VI. CONCLUSIONS OF LAW

  1. The Texas Workers’ Compensation Commission has jurisdiction to decide the issues presented pursuant to § 413.031 of the Act.
  2. The State Office of Administrative Hearings has jurisdiction over matters related to the hearing in this proceeding, including the authority to issue a decision and order, pursuant to § §413.031(d) of the Act and TEX. GOV’T CODE ANN. ch. 2003.
  3. The hearing was conducted pursuant to the Administrative Procedure Act, TEX. GOV’T CODE ANN. ch. 2001 and the Commission’s rules, 28 TAC § 133.305(g) and §§ 148.001-148.028.
  4. Adequate and timely notice of the hearing was provided in accordance with TEX. GOV’T CODE ANN. §§2001.051 and 2001.052.
  5. Petitioner, the party seeking relief, bore the burden of proof in this case, pursuant to 28 TAC § §148.21(h).
  6. Based upon the foregoing Findings of Fact, Petitioner failed to comply with the STG, 28 TAC § 134.1001(e)(2)(A) and (e)(3)(A) and (B), and with the Commission’s 1996 Medical Fee Guideline, Medicine Ground Rules I.A.9.b, in seeking reimbursement for services under CPT Code 97110, as noted in Finding of Fact No. 6.
  7. Based upon the foregoing Findings of Fact, the medical services for the claimant noted in Finding of Fact No. 3 (to the extent approved for reimbursement by the MRD, as noted in Finding of Fact No. 6) represent elements of health care medically necessary under§ 408.021of the Act.
  8. Based upon the foregoing Findings of Fact and Conclusions of Law, the Findings and Decision of the MRD, issued in this matter on July 20, 2001, are affirmed.
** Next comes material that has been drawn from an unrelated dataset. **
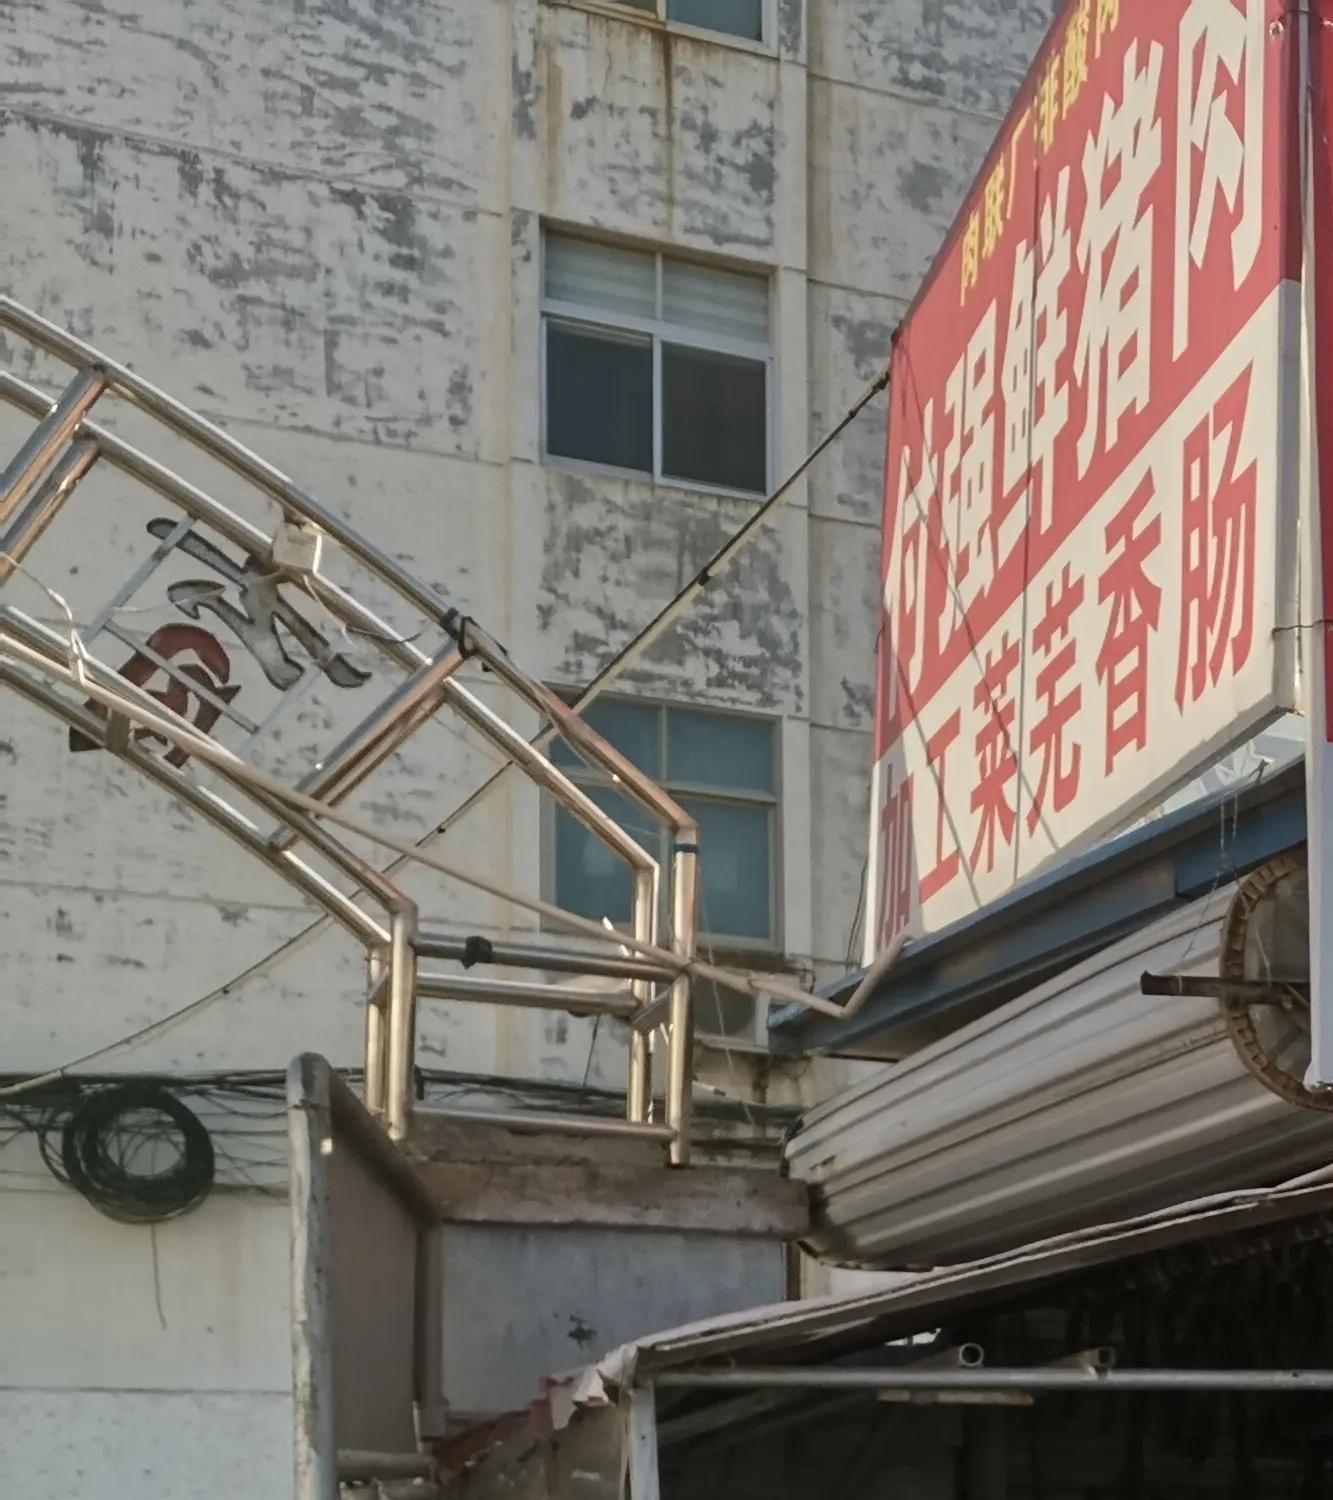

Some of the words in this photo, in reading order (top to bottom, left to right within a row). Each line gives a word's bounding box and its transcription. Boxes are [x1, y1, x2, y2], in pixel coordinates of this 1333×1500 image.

[875, 357, 1259, 948] 加工莱芜香肠
No reimbursement of Petitioner, beyond that recommended in the MRD’s decision, should be approved.

ORDER

IT IS THEREFORE, ORDERED that the Liberty Mutual Fire Insurance Company reimburse Arrow Clinic for physical therapy and related services only in accordance with the Findings and Decision of the Medical Review Division of the Texas Workers’ Compensation Commission, issued in this matter on July 20, 2001. Reimbursement beyond that identified in the Medical Review Division’s Findings and Decision is not appropriate.
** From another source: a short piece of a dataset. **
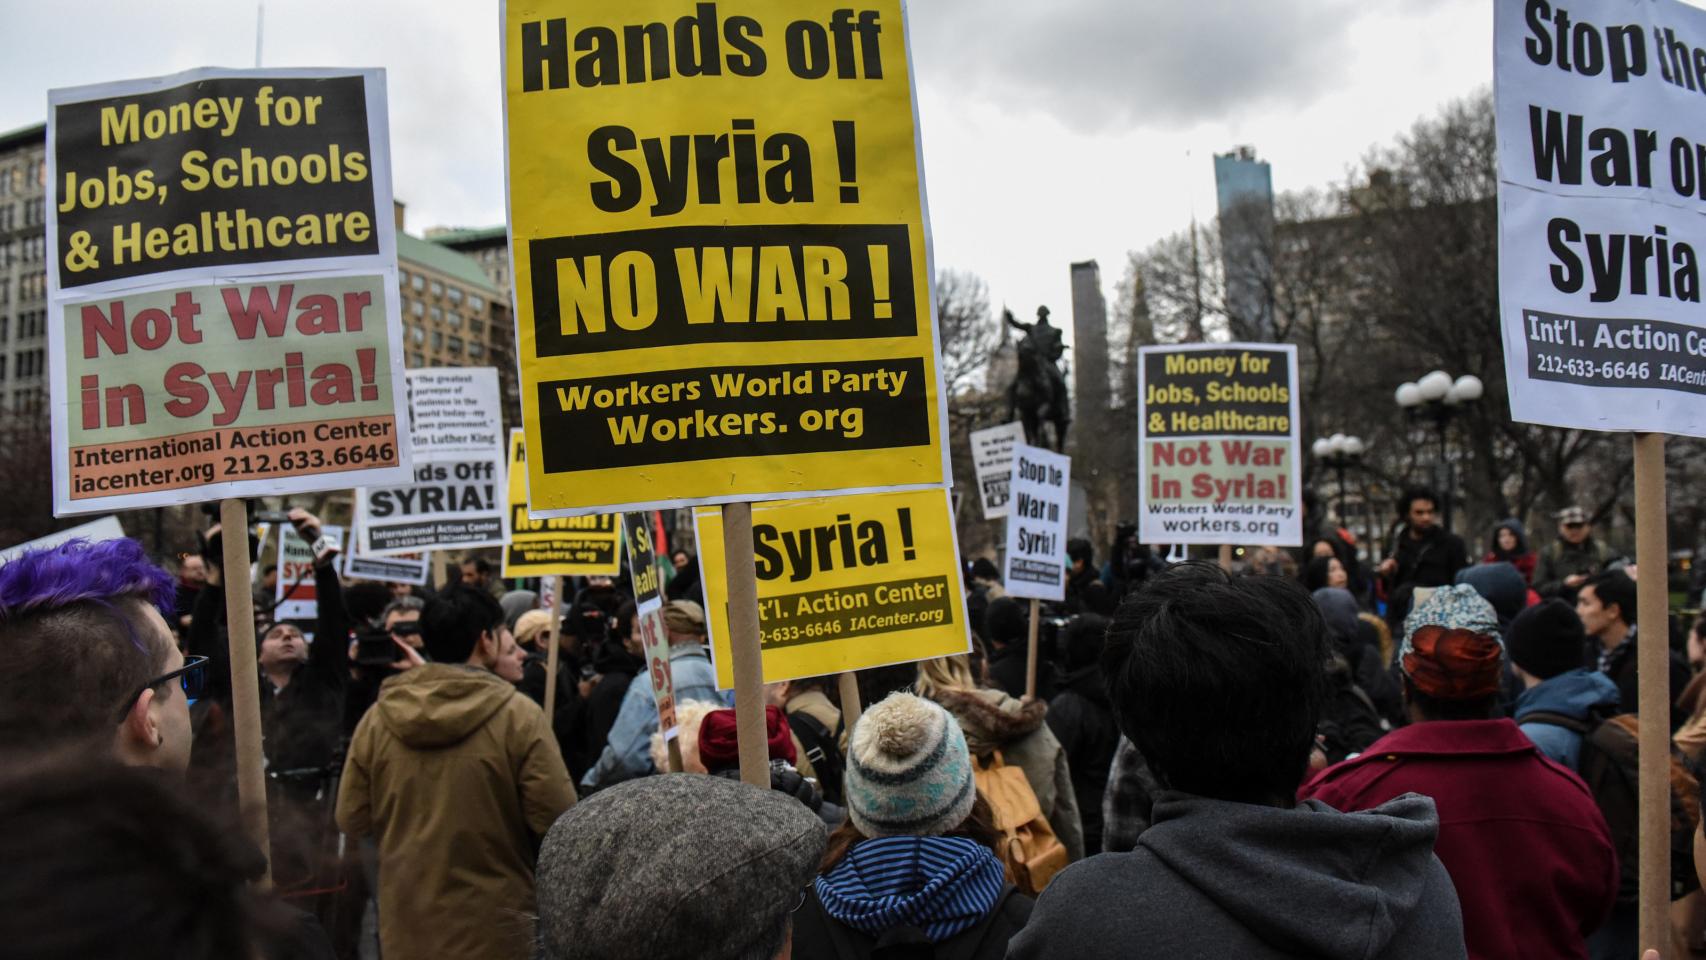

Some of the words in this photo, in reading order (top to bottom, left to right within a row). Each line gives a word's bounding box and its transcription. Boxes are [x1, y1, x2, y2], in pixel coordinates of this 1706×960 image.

Signed this 1st day of November, 2002.

MIKE ROGAN
Administrative Law Judge
STATE OFFICE OF ADMINISTRATIVE HEARINGS

  1. The staff of the Commission was initially designated as a Respondent in the proceeding but formally elected not to participate, although it filed a “Statement of Matters Asserted” that recommended upholding the MRD’s decision.
  2. 28 TEX. ADMINISTRATIVE CODE § 134.1001(e)(2)(A) and (e)(3)(A) and (B).
  3. 28 TEX. ADMINISTRATIVE CODE § 134.201, Medicine Ground Rules I.A.9.b.